Using Global Industry Classification Standard (GICS) sector categorisations is an imperfect way of managing risk. ‘If you take consumer discretionary, you have companies like Amazon, Tesla and GM all within that category. And if we look at just the two auto-makers – Tesla and GM – they have totally different drivers’.

“We run a differentiated portfolio, with low correlation to the broad active equity universe of managers, and a proven track record of excess return versus our peers and the benchmark”

Robert Hinchliffe
Portfolio Manager and
Head of Global Sector Cluster Research

Leveraging a global team

With a global portfolio, the breadth and organisation of the investment team is key to alpha generation. ‘We have over 40 investment professionals around the world. This gives us a wide opportunity set in terms of finding alpha,’ Hinchliffe said.  ‘But the key is collaboration – which is the source of our idea generation – and our setup is designed to maximise this. Our team is organised around global industry clusters that help us maximise the value of the thousands of company meetings we undertake each year.’

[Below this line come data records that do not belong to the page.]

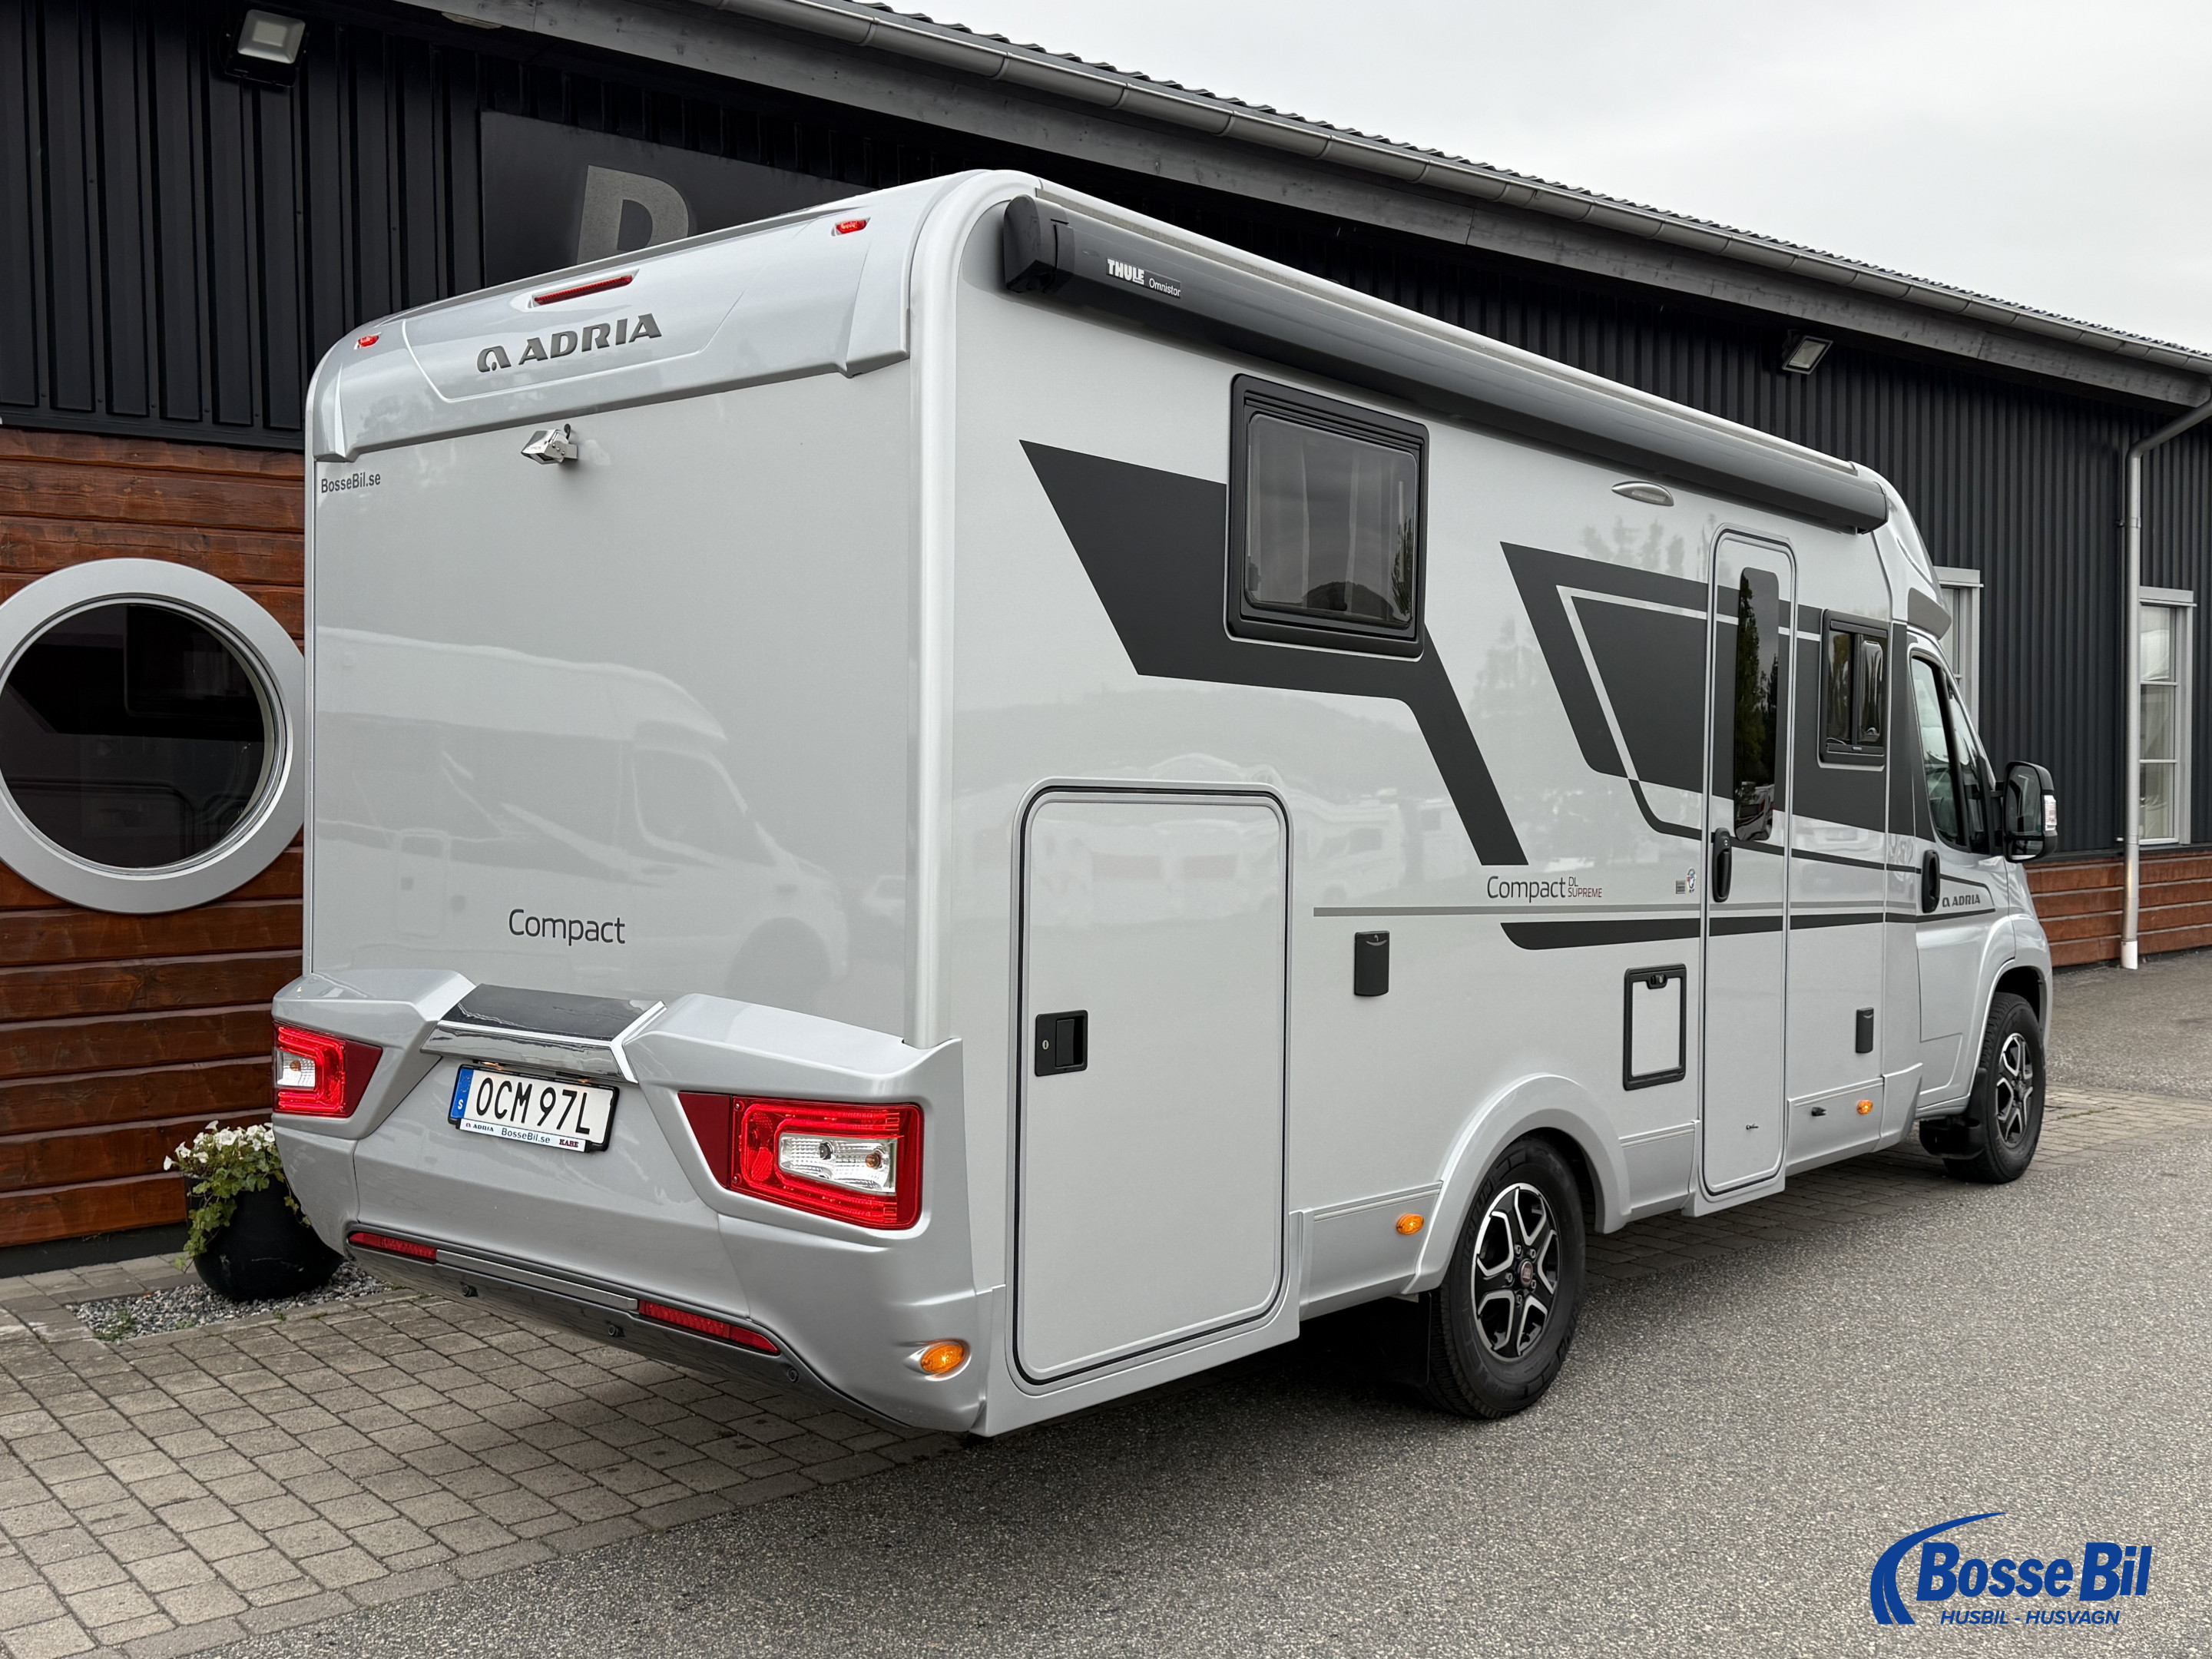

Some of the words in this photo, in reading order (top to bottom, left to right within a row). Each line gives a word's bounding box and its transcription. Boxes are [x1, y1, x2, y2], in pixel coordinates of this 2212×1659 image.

[1107, 258, 1144, 285] THULE
[1149, 278, 1181, 296] Omnistor
[519, 313, 661, 365] ADRIA
[321, 472, 381, 493] BosseBil.se
[1487, 876, 1565, 902] Compact
[1568, 876, 1578, 887] DL
[1568, 887, 1602, 898] SUPREME
[1952, 894, 1981, 906] ADRIA
[508, 909, 625, 946] Compact
[457, 1099, 464, 1110] S
[537, 1087, 591, 1135] 97L
[501, 1127, 551, 1144] BosseBil.se

According to Hinchliffe, the cluster framework is designed to increase this flow of ideas. ‘Each of the five industry clusters – tech, consumer, healthcare, financials and industrials – meets once a month, and the whole point is to share information and maximise the value of the insights we have. Having people in our Taiwan office, for example, is a significant advantage when it comes to understanding the global semiconductor chip shortage, while our people in Hong Kong and Shanghai are vital to understanding the reopening status of China’s factories as the country comes out of lockdown. And then, our analysts on the ground in Kuala Lumpur give us information about the status of soft commodities .’

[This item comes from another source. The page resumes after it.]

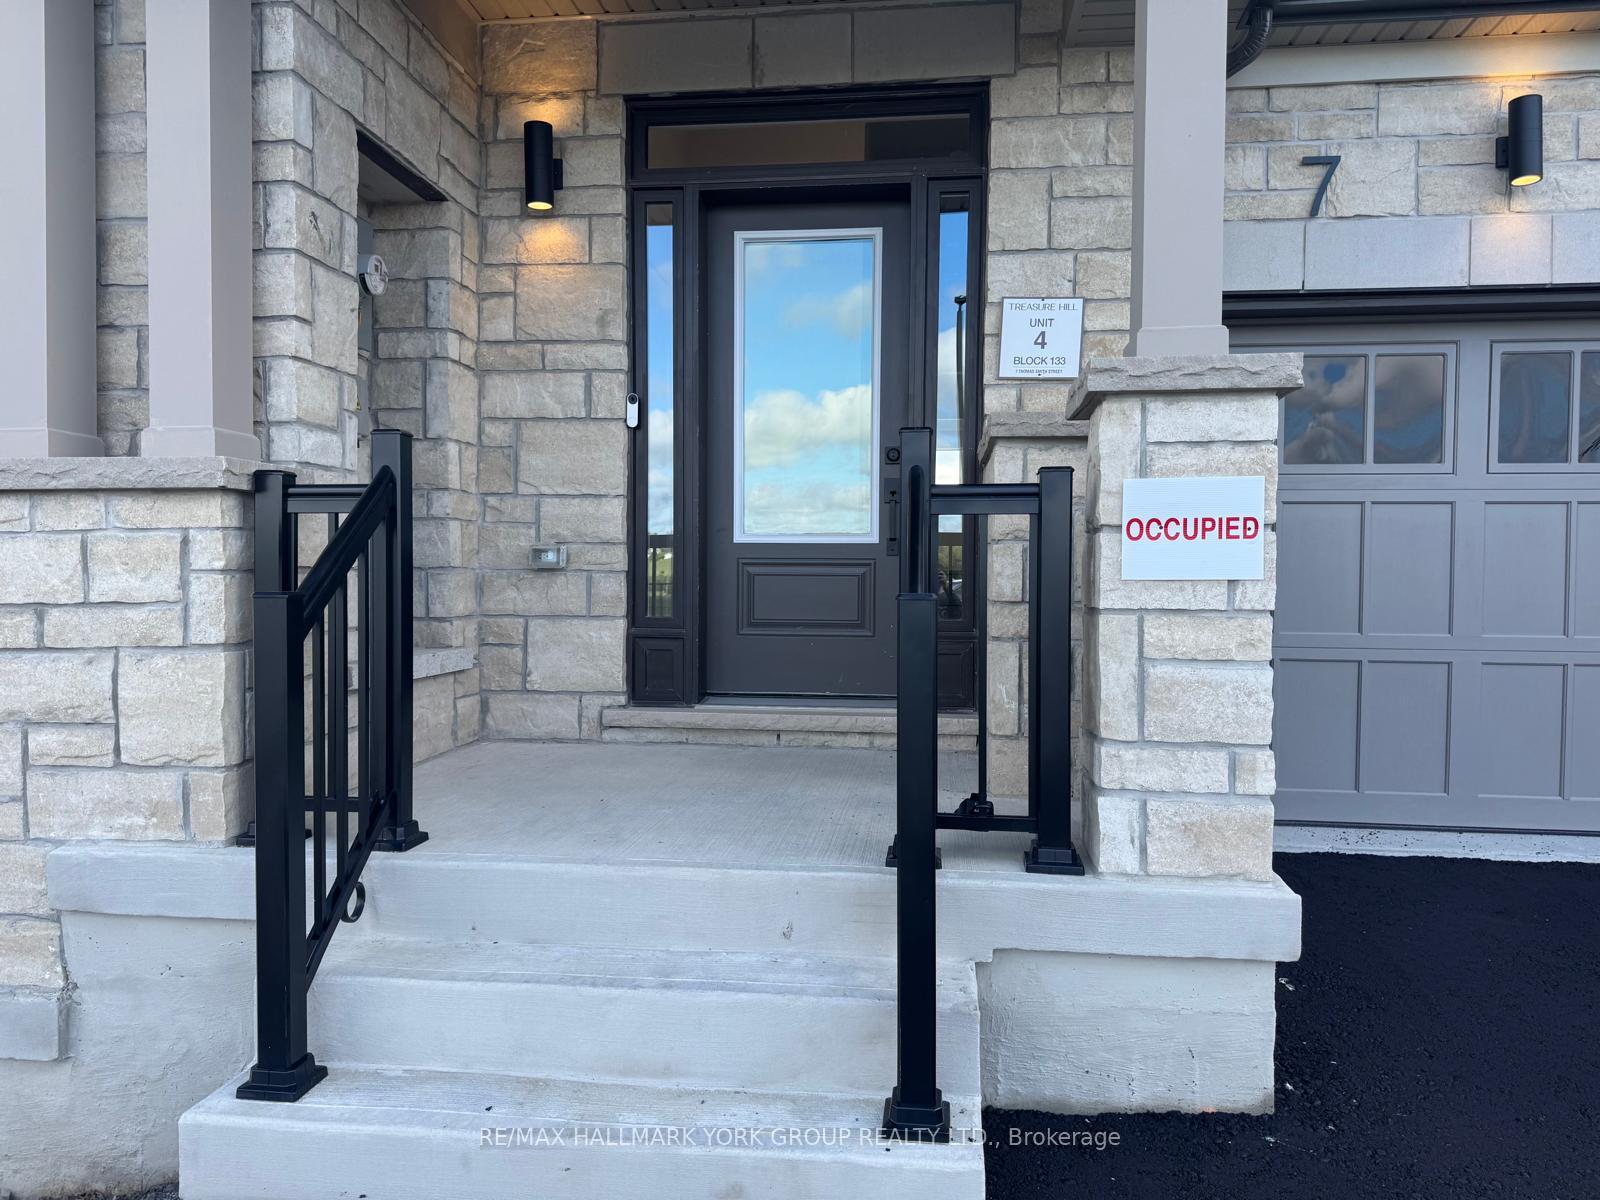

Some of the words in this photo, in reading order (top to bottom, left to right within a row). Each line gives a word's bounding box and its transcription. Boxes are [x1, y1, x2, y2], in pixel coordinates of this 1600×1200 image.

The ability to take a comprehensive view of a given industry or company leads to a differentiated perspective. ‘Somebody looking at certain large companies in the US might have a certain perspective of that industry,’ Hinchliffe added. ‘But if you have a globally connected investment team that is looking at the same set of facts and data, the perspective is different, giving a richness of information that is very valuable as an investment tool.’

All of this means that the fund has consistently delivered alpha in a wide range of market conditions with a tracking error of 4.6% since inception,3 he noted. ‘We have no investment-style exposure. We look very different from the benchmark with respect to what we own, and very similar to the benchmark in terms of its other characteristics.’

1 Morningstar, as of quarter ending 31 December 2022. The fund delivered returns higher than the benchmark (MSCI All Country World Index (ACWI) Daily Total Return Net), over 3 years. The fund delivered returns higher than the peers (Peer Group: Morningstar Global Large-Cap Blend Equity Universe) in one-, three-, five- and 10-year periods. Fund performance is reflective of Share Class Y USD. The fund performance is calculated net of fees in USD with dividends reinvested. Past performance does not guarantee future results.

2 Source: Morningstar as of 31 December 2022. For this calculation, Morningstar finds the common holdings for the two investments. We then determine the percent each common holding represents in the two investments separately and discern which is the lesser percentage, and then sum these lesser percentages.

3 The tracking error is calculated as the standard deviation of monthly excess returns versus the MSCI ACWI NR USD since 01 January 2016 (start date of the lead Portfolio Manager) through 31 December 2022. The excess return correlation is calculated as the correlation between PineBridge Global Focus Equity’s monthly excess returns over MSCI ACWI NR USD and those of the competitor funds since January 2016. Bubble size reflects AUM size of the Fund. Diversification does not ensure against market loss.